YOUR ASSIGNMENT
Set the data down exactly as it stands, and keep its pictures out.

◆ ◆ ◆ ◆ ◆

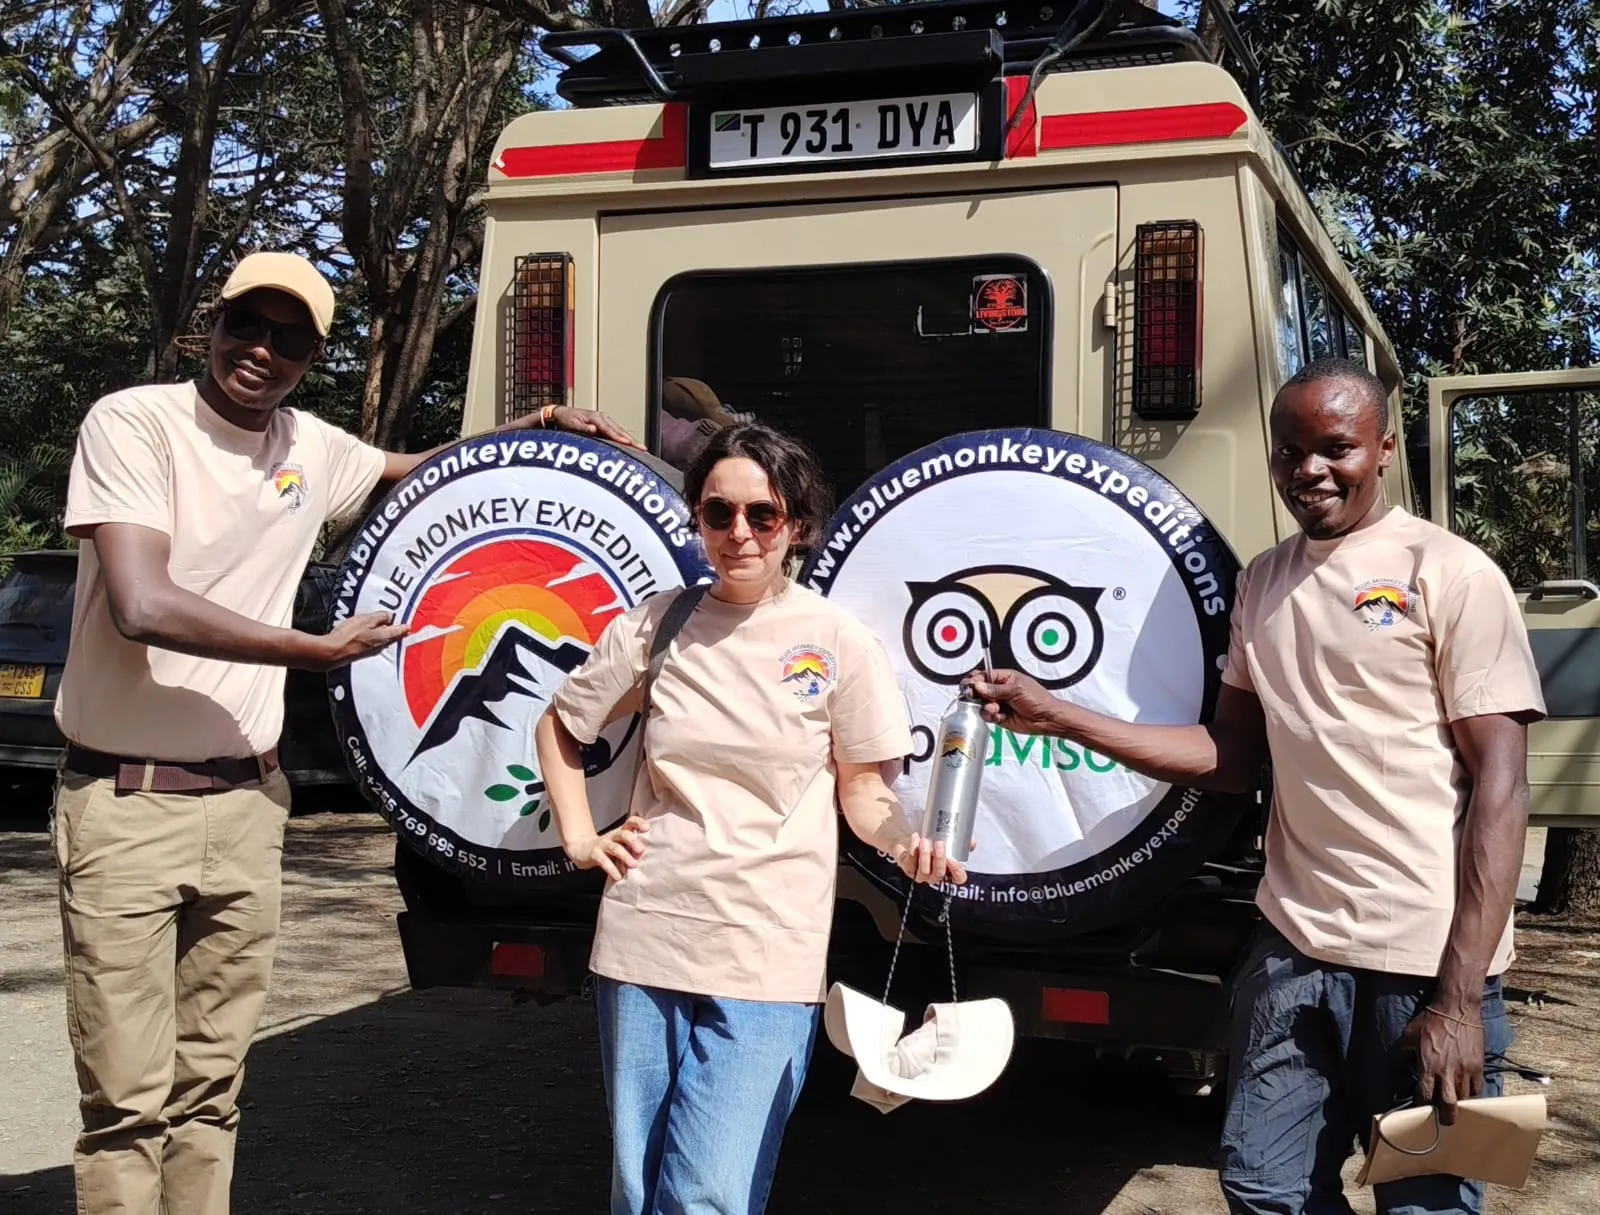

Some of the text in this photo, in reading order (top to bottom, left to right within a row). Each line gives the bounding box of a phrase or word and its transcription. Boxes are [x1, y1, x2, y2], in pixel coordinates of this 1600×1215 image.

[743, 100, 956, 157] T 931 DYA
[333, 439, 692, 627] ww.bluemonkeyexpeditions
[404, 497, 530, 570] MONKEY
[347, 736, 368, 773] Call:
[366, 775, 397, 812] +255
[397, 808, 428, 836] 769
[428, 832, 455, 858] 695
[457, 849, 487, 871] 552
[511, 860, 560, 877] Email:
[990, 787, 1203, 905] info@bluemonkeyexpedit

◆ ◆ ◆ ◆ ◆

PROBLEM SOLUTION
Some of the text in this photo, in reading order (top to bottom, left to right within a row). Each line gives the bounding box of a phrase or word and its transcription. Boxes are [x1, y1, x2, y2], in pixel coordinates of this 1600×1215 image.

[743, 100, 956, 157] T 931 DYA
[333, 439, 692, 627] ww.bluemonkeyexpeditions
[404, 497, 530, 570] MONKEY
[347, 736, 368, 773] Call:
[366, 775, 397, 812] +255
[397, 808, 428, 836] 769
[428, 832, 455, 858] 695
[457, 849, 487, 871] 552
[511, 860, 560, 877] Email:
[990, 787, 1203, 905] info@bluemonkeyexpedit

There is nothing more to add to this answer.